Werkzeuge zur Anwendungsentwicklung
Bei der Entwicklung von Software denkt man in erster
Linie an Programmiersprachen. Hier ist das Böblinger
Entwicklungszentrum für die Entwicklung der Programmierumgebung von
Object REXX verantwortlich. Programmiersprachen sind
jedoch nicht alles! Auch die Datenbanken für die den
Anwendungen zu Grunde liegenden Daten müssen entworfen
werden. Hier lieferte das Böblinger Forschungs- und Entwicklungszentrum Software zum
Entwurf logischer und physischer Datenmodelle, wie dem
DataAtlas. Wird Software für den weltweiten Markt
angeboten, ist die Übersetzung der Texte in verschiedene
Sprachen unumgänglich. Die IBM Übersetzungssoftware
Translation Manager wird ebenfalls in Böblingen
entwickelt.
LINUX
1999 kommt der lange erwartete stabile Linux-Kernel Version 2.2,
und Linux etabliert sich zunehemend im Unternehmens-Umfeld. IBM
schmiedet Allianzen mit den bedeutendsten Linux-Distributoren. Ende
des Jahres präsentiert Big Blue die IBM DB2 Universal Database
6.1 für Linux. Mitarbeiter des Böblinger Forschungs- und Entwicklungszentrum
erzielen einen folgenreichen Durchbruch: In ihrer Freizeit portieren
sie Linux auf die IBM S/390.
Technologie
Auf die CAPITOL Erfahrungen zielstrebig weiter aufbauend und die rasante CMOS Technologieentwicklung aggressiv umsetzend hat die Böblinger Prozessorentwicklung dann einen vollkommenen Technologieschwenk von bipolar zu CMOS vollzogen und ab Anfang der 90-er die Microprozessor Chip Sets RENOIR, PICASSO, MONET-J und MONET und die darauf basierenden /390 Systeme entwickelt.
Damit hatte das Böblinger Team in technologischer, methodischer und toolsmäßiger Hinsicht eine wegweisende Führungsrolle in der /390 Division übernommen. Die erfolgreichen CMOS Prozessoren aus Böblingen verkleinerten rasch die Performance Lücke zu den wesentlich größeren und teureren bipolaren Prozessoren. Das bewegte dann das Top Management der Enterprise Systems zu einen strategisch und zukunftsentscheidenden Technologiewechsel . Ab 1993 wurde die gesamte IBM weite /390 Entwicklung von bipolar auf CMOS umgestellt und damit das technologische und wirtschaftliche Fundament für das erfolgreiche Überleben des Mainframes gelegt.

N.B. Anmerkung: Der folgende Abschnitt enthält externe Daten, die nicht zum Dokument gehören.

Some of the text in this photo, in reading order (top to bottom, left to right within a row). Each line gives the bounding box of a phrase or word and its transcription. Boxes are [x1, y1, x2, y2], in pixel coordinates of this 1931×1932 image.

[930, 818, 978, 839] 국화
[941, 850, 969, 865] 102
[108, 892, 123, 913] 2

Ab Mitte der 90-er wurde klar, dass die Potentiale der sich weiterhin
rasant entwickelnden CMOS Technologie nur durch Bündelung
der weltweiten /390 Entwickler voll ausgeschöpft werden konnten.

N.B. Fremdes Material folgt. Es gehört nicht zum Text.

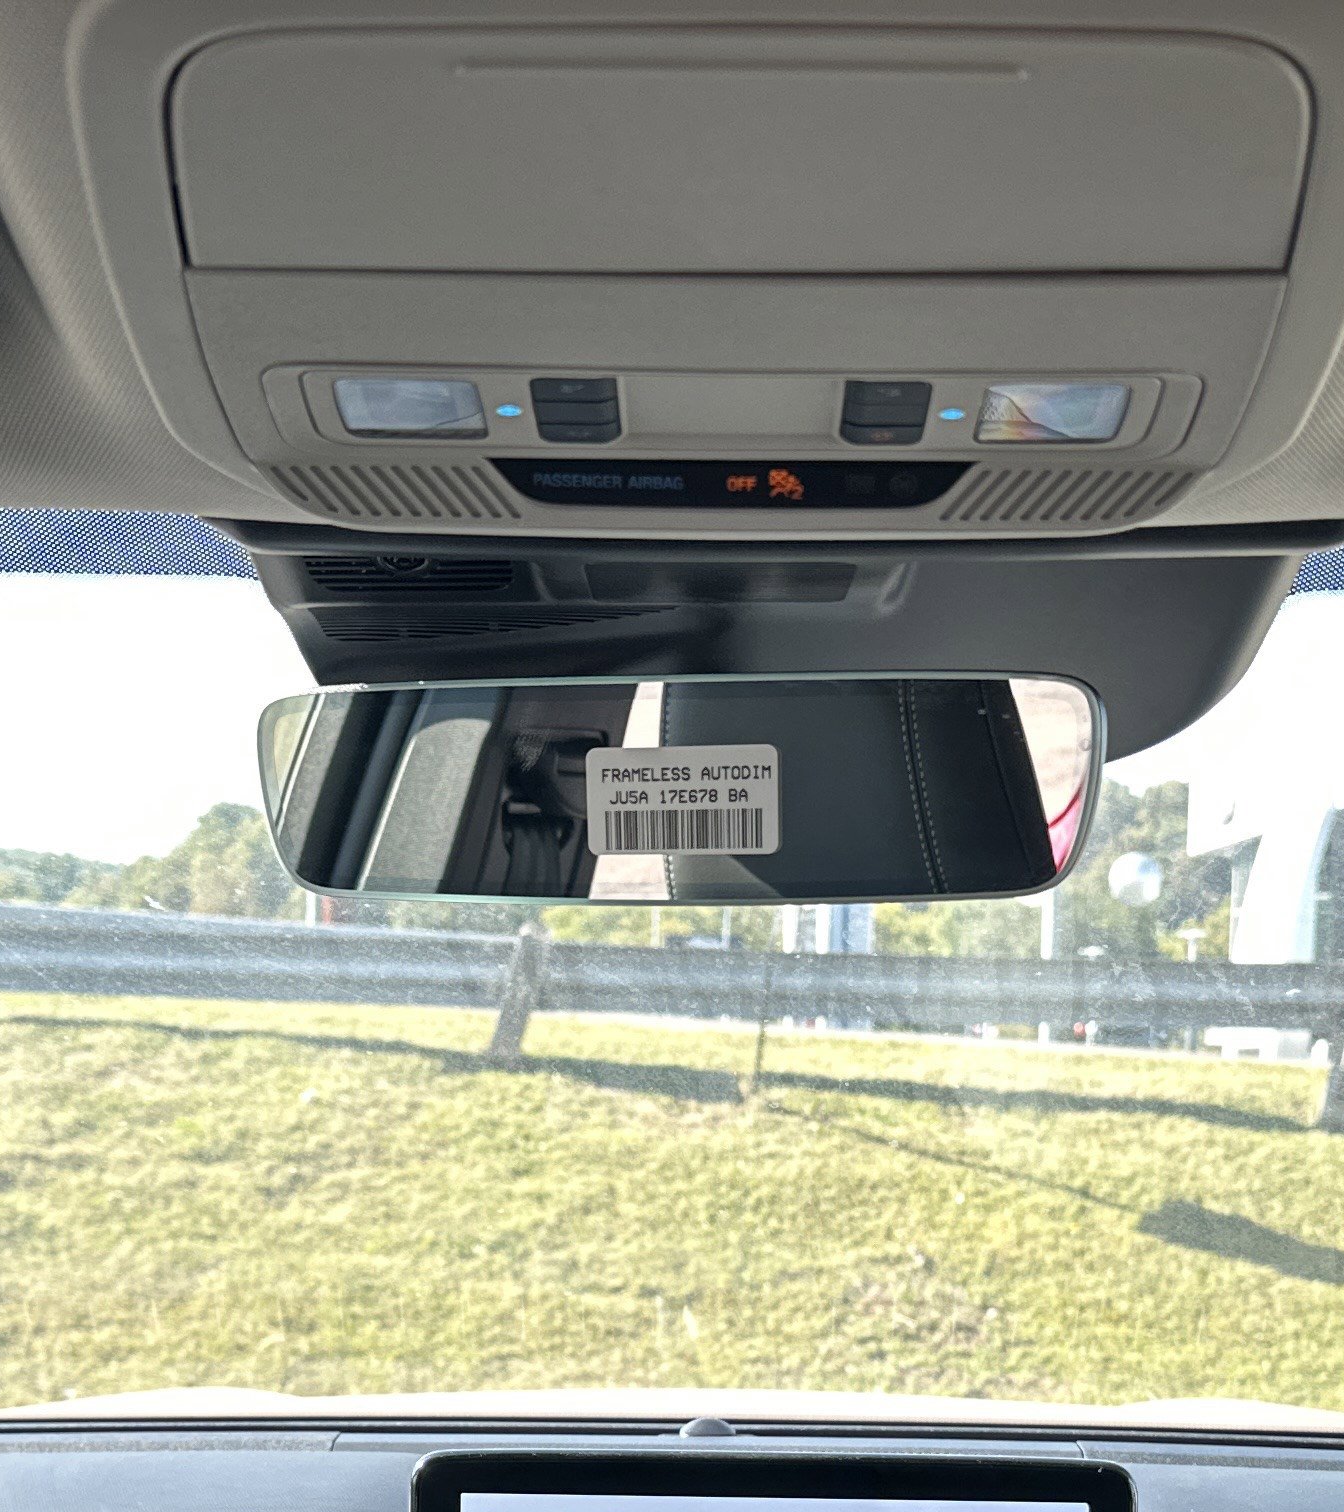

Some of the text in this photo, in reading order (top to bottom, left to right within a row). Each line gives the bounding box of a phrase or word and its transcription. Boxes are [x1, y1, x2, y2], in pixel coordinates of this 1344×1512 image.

[532, 473, 683, 491] PASSENGER AIRBAG
[726, 476, 756, 492] OFF
[601, 765, 771, 783] FRAMELESS AUTODIM
[660, 789, 718, 804] 17E678
[728, 788, 748, 802] BA

Das führte dazu, dass die künftigen /390 Prozessor Chip
Sets im 'Global Lab' gemeinsam mit dem Poughkeepsie
Team entwickelt wurden. Dies waren in rascher Folge die ALLIANCE-,
die SYMPHONY- und der OPERA- Chip Sets. Das Böblinger Team
lieferte zu diesen Prozessoren wesentliche Konzepte und Designbeiträge.
Ebenfalls leistete das Böblinger Testteam entscheidende Beiträge
für einen zügigen Design- und Technologie Bring-up.
Dabei wurden die jeweils weltweit leistungsfähigsten Testsysteme
eingesetzt. Diese wurden gemeinsam mit HP, heute AGILENT, als
erstes in diesen Ausführungen im Böblinger Forschungs- und Entwicklungszentrum zum
Einsatz gebracht.
In den 90-er Jahren wurden so sieben Generationen von /390 CMOS Prozessoren entwickelt , die auf Uni-Prozessor Ebene einen etwa 200-fachen Performance Zuwachs realisierten.